--- Records for this task Enclosed Below ---

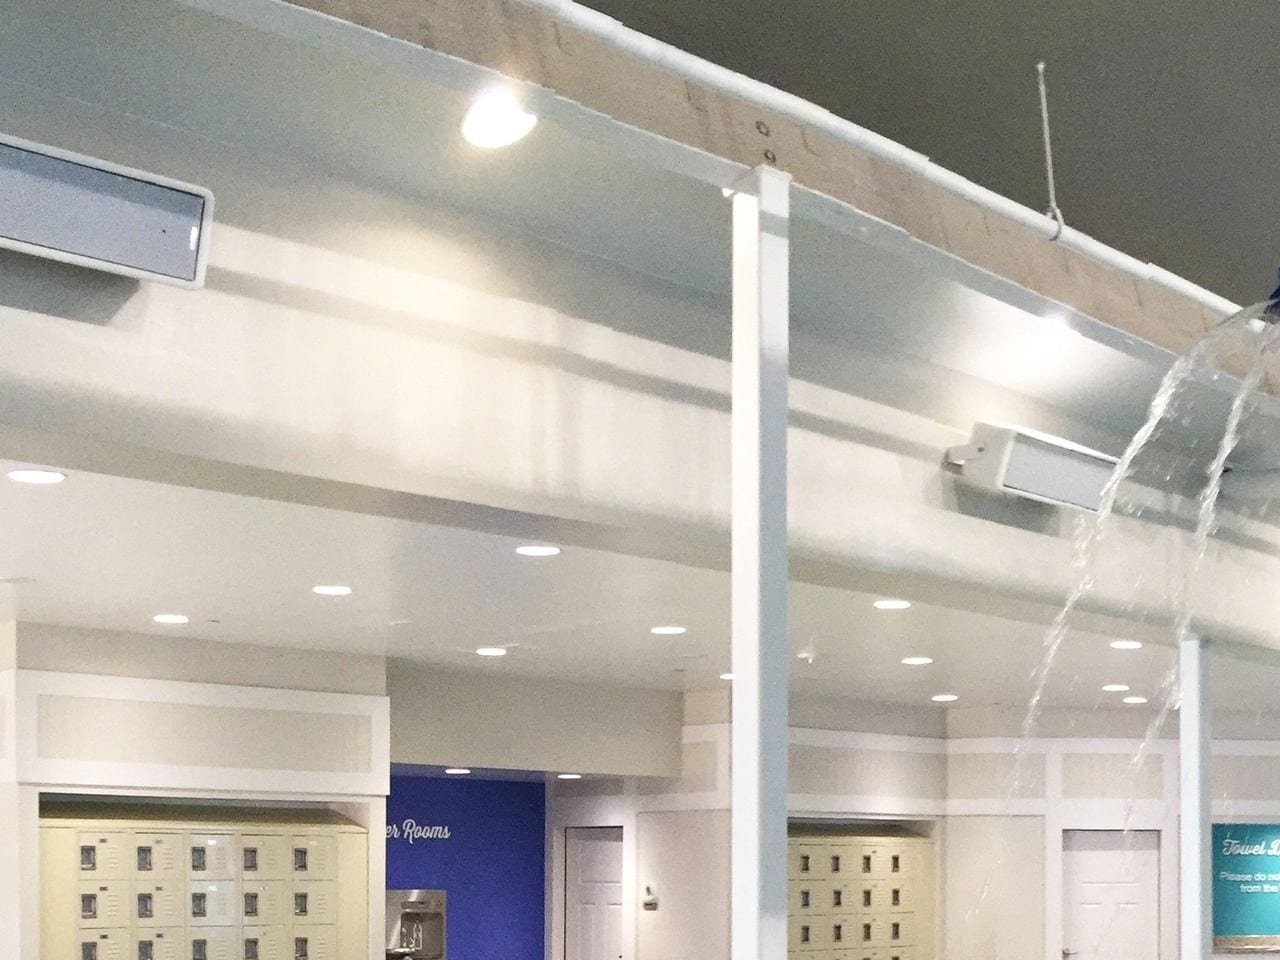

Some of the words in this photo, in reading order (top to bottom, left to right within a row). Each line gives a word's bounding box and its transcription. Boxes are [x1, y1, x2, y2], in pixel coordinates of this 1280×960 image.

[402, 818, 452, 845] Rooms
[1222, 839, 1267, 856] Towel
[1220, 871, 1253, 881] Please
[1254, 873, 1267, 881] do
[1240, 884, 1261, 893] from
[1262, 884, 1279, 893] the
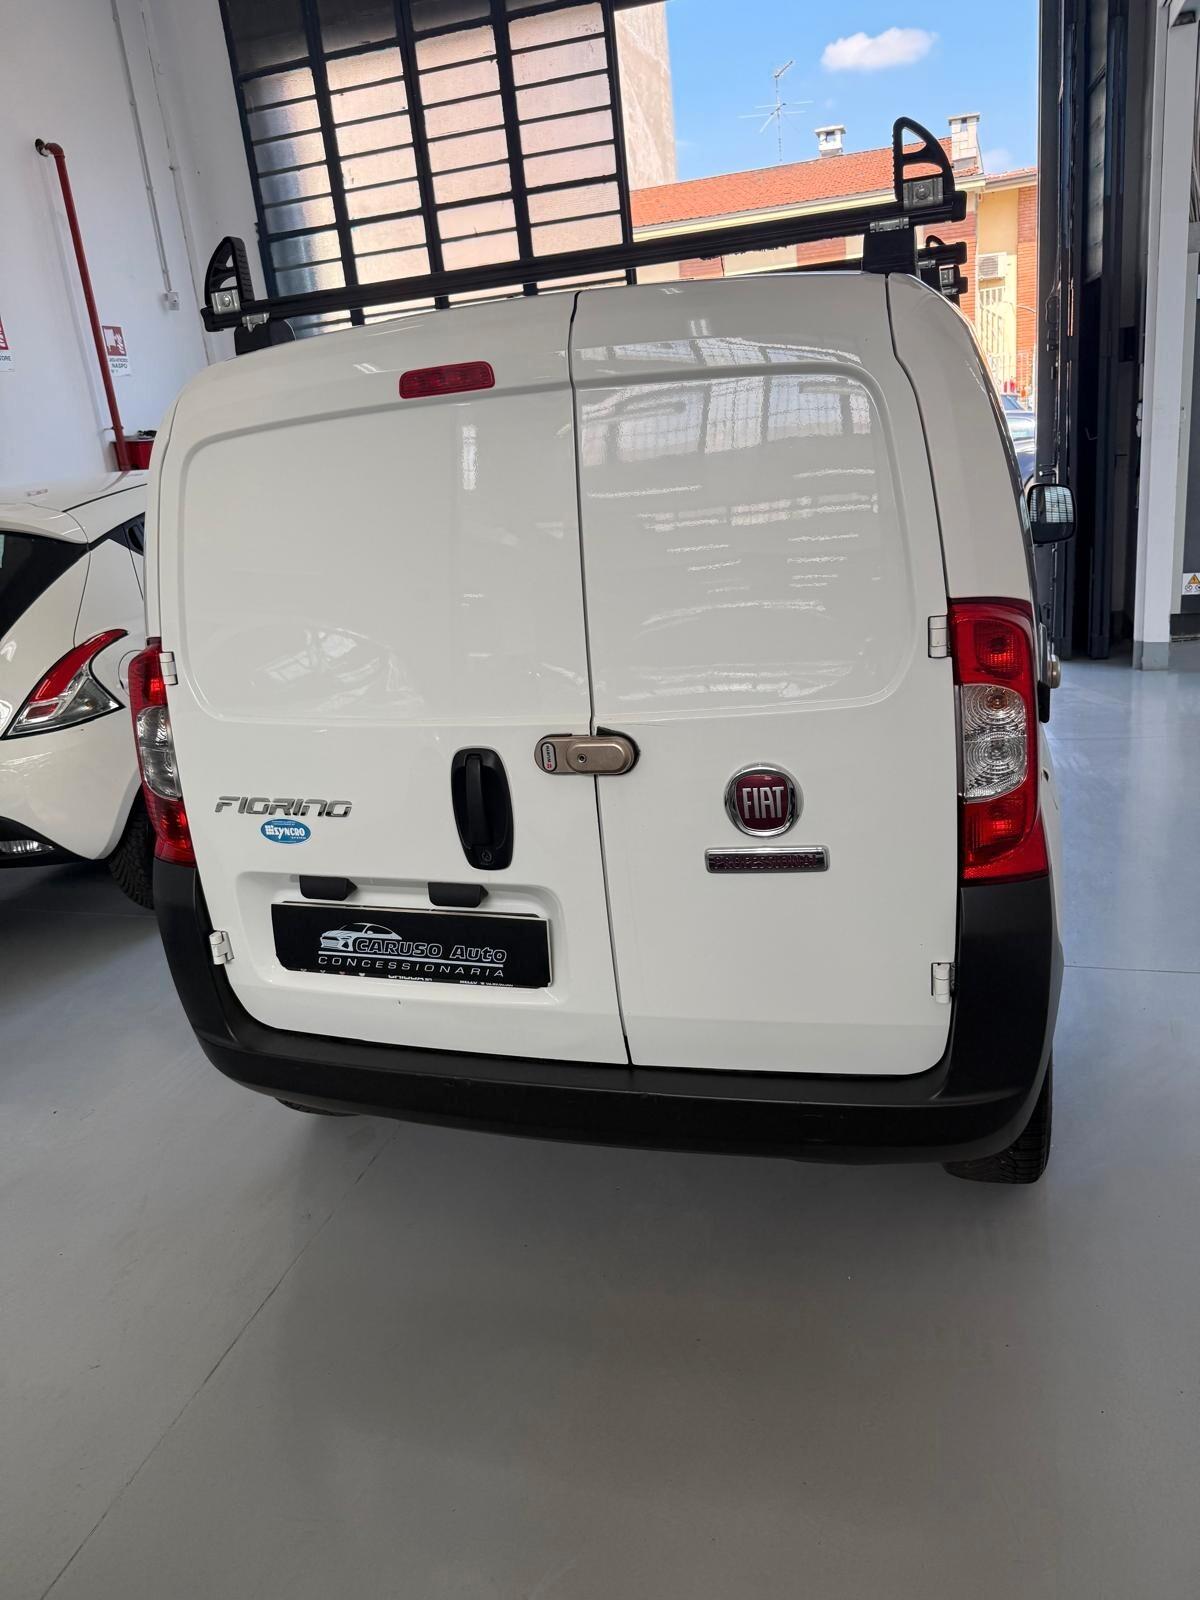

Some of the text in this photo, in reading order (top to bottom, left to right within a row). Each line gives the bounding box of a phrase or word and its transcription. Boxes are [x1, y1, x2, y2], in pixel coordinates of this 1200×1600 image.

[214, 795, 353, 818] FIORINO
[742, 786, 785, 819] FIAT
[273, 826, 306, 839] SYNCRO
[355, 938, 508, 963] CARUSO Auto
[317, 955, 505, 978] CONCESSIONARIA
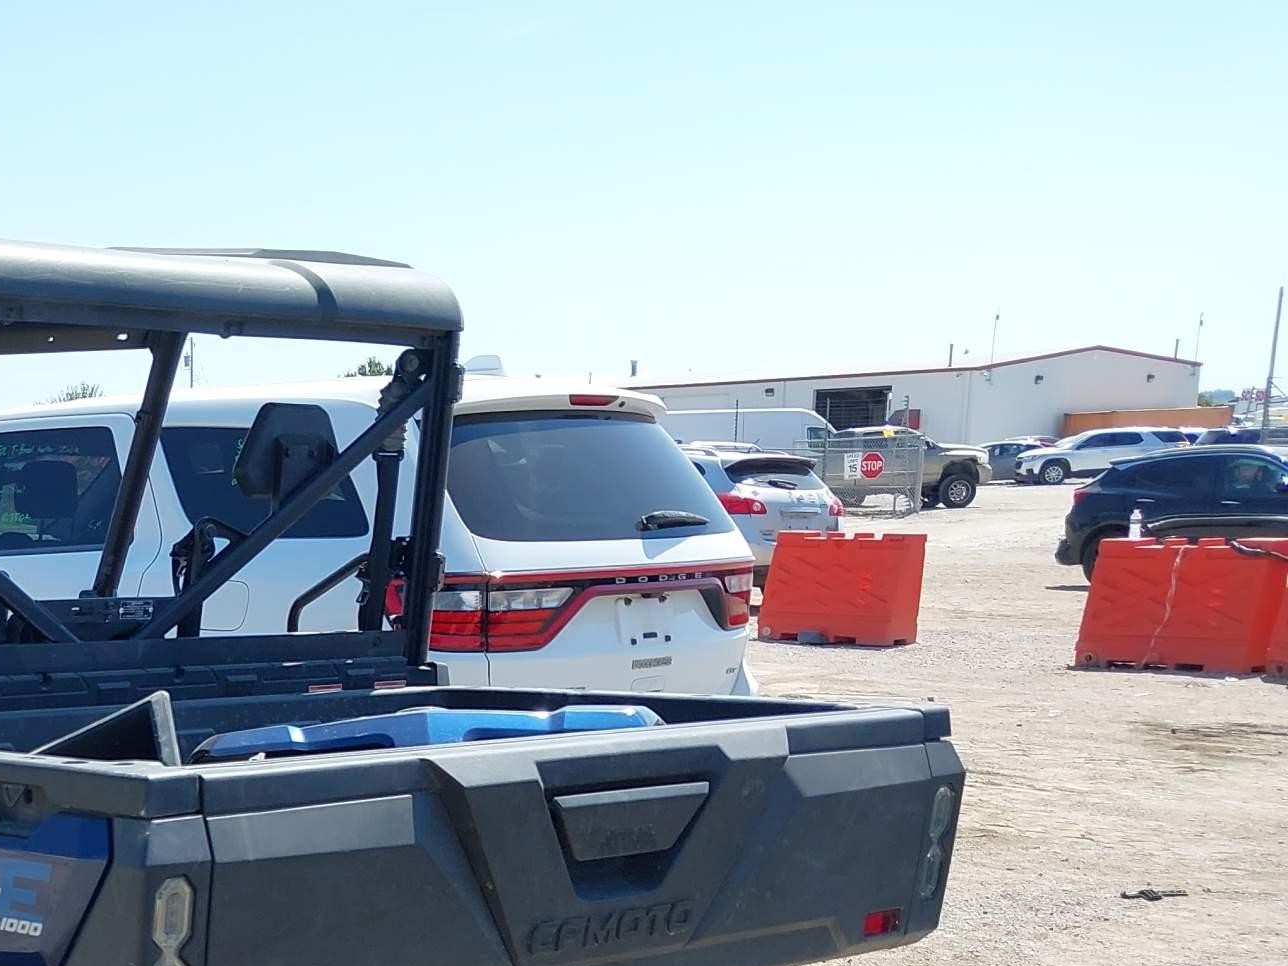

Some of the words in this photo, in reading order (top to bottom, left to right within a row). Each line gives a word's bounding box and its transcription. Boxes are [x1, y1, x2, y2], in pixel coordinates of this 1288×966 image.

[848, 463, 858, 473] 15
[861, 460, 883, 471] STOP
[615, 571, 704, 584] DODGE
[0, 917, 44, 937] 1000
[526, 898, 695, 955] CFMOTO
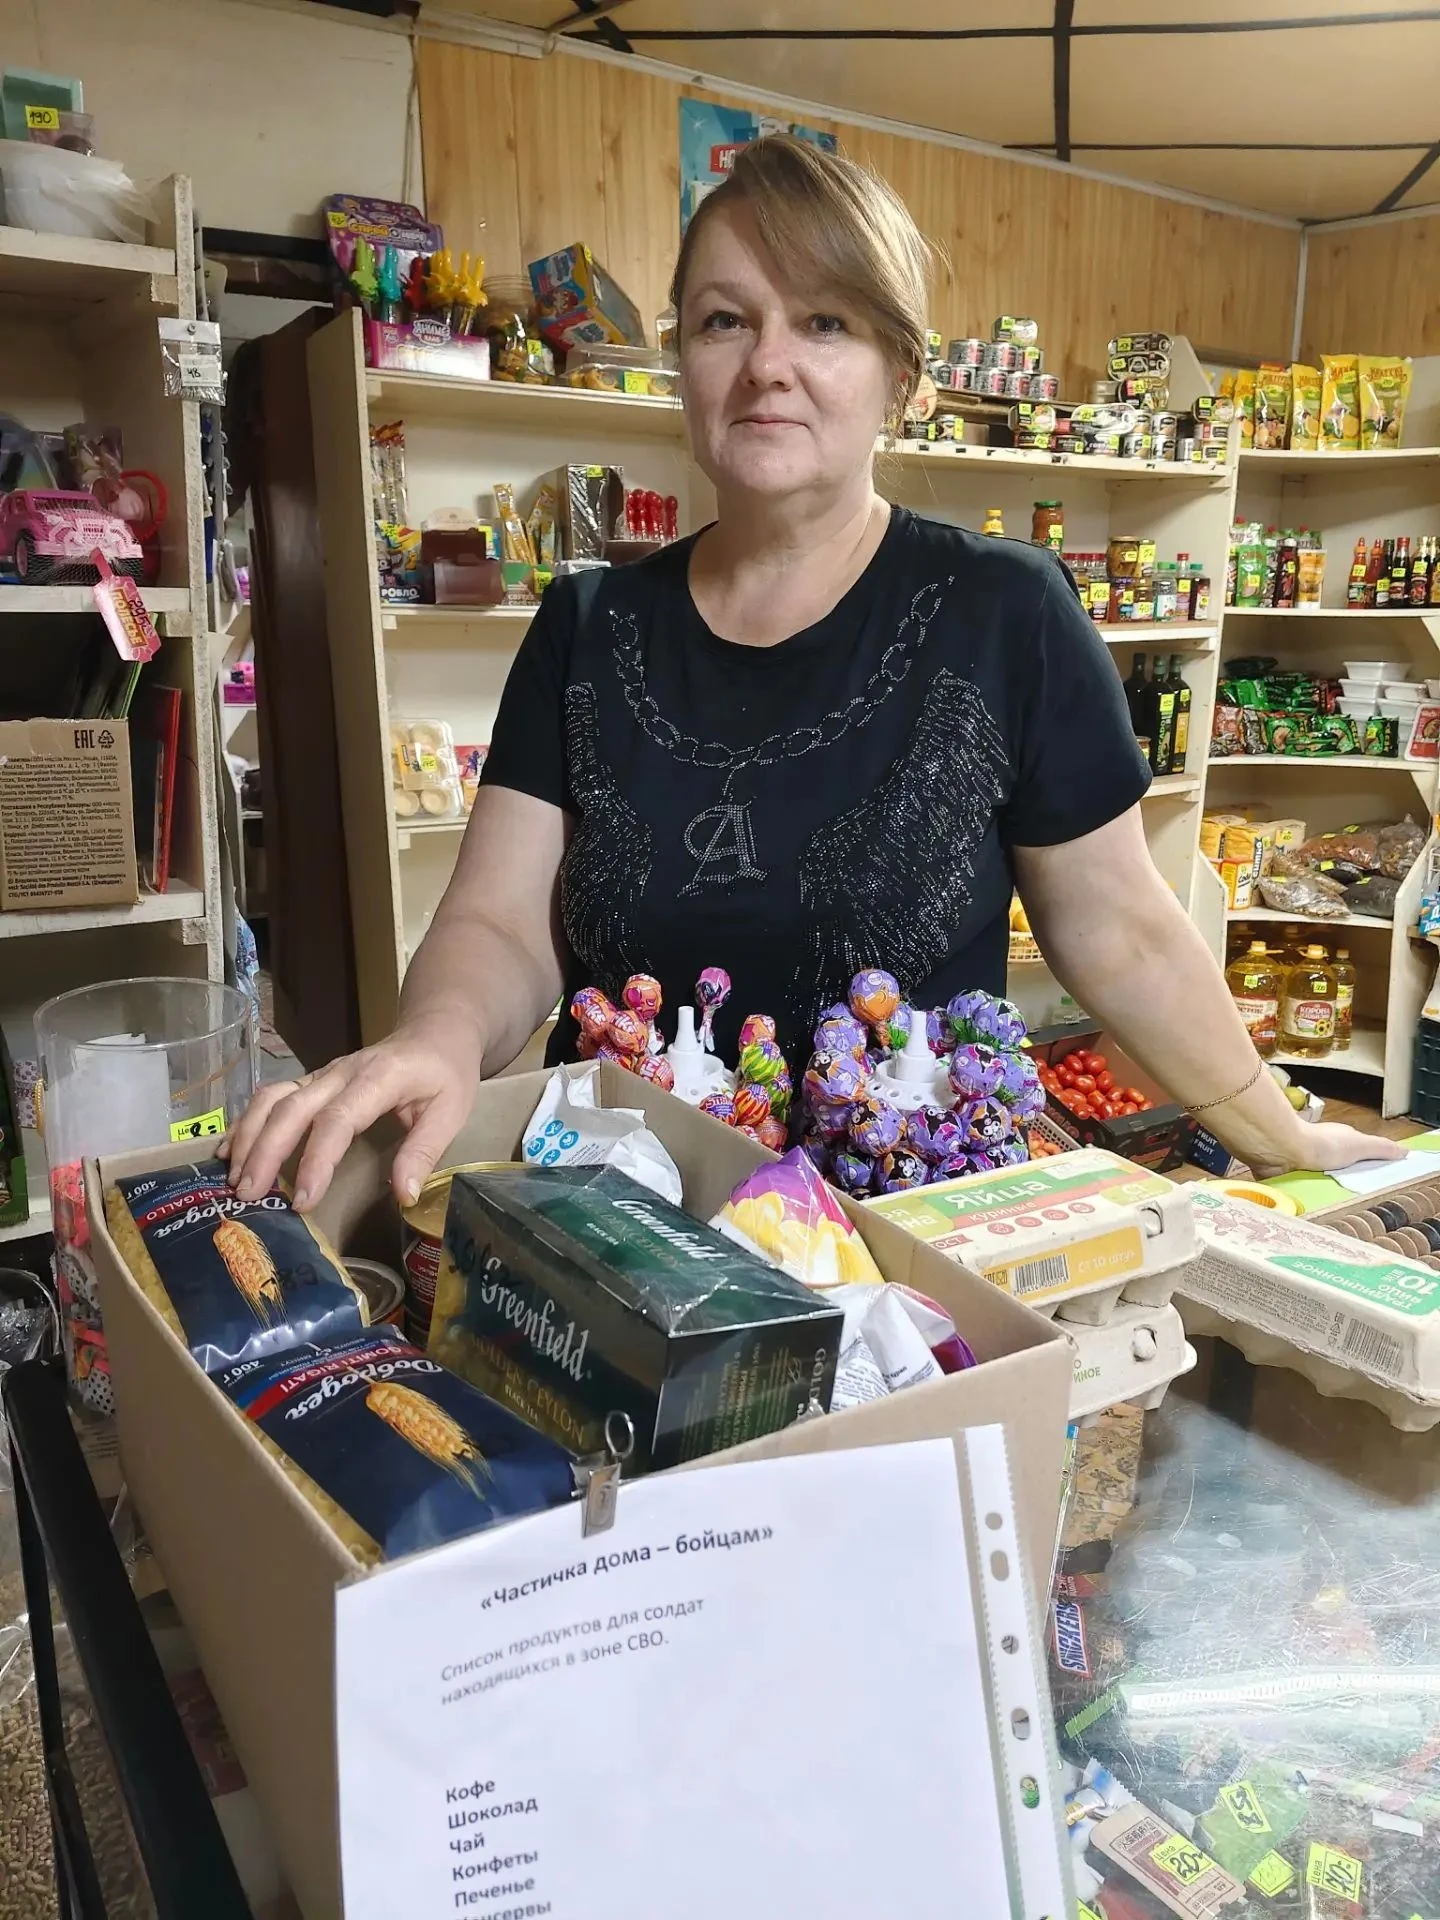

--- End of Enclosed Records for this task ---

# [What is required]
Give the records again without a single change, and exclude the pictures.

# [Result of the exercise]
Some of the words in this photo, in reading order (top to bottom, left to right within a row). Each line gives a word's bounding box and its transcription. Boxes are [x1, y1, x2, y2], in pixel coordinates of this 1280×960 image.

[402, 818, 452, 845] Rooms
[1222, 839, 1267, 856] Towel
[1220, 871, 1253, 881] Please
[1254, 873, 1267, 881] do
[1240, 884, 1261, 893] from
[1262, 884, 1279, 893] the

Some of the text in this photo, in reading order (top to bottom, left to right within a row). Each line gives the bounding box of a phrase or word and its transcription. Boxes are [x1, y1, x2, y2], in pixel coordinates of this 1200×1600 image.

[214, 795, 353, 818] FIORINO
[742, 786, 785, 819] FIAT
[273, 826, 306, 839] SYNCRO
[355, 938, 508, 963] CARUSO Auto
[317, 955, 505, 978] CONCESSIONARIA

Some of the words in this photo, in reading order (top to bottom, left to right within a row). Each line gives a word's bounding box and its transcription. Boxes are [x1, y1, x2, y2], in pixel coordinates of this 1288×966 image.

[848, 463, 858, 473] 15
[861, 460, 883, 471] STOP
[615, 571, 704, 584] DODGE
[0, 917, 44, 937] 1000
[526, 898, 695, 955] CFMOTO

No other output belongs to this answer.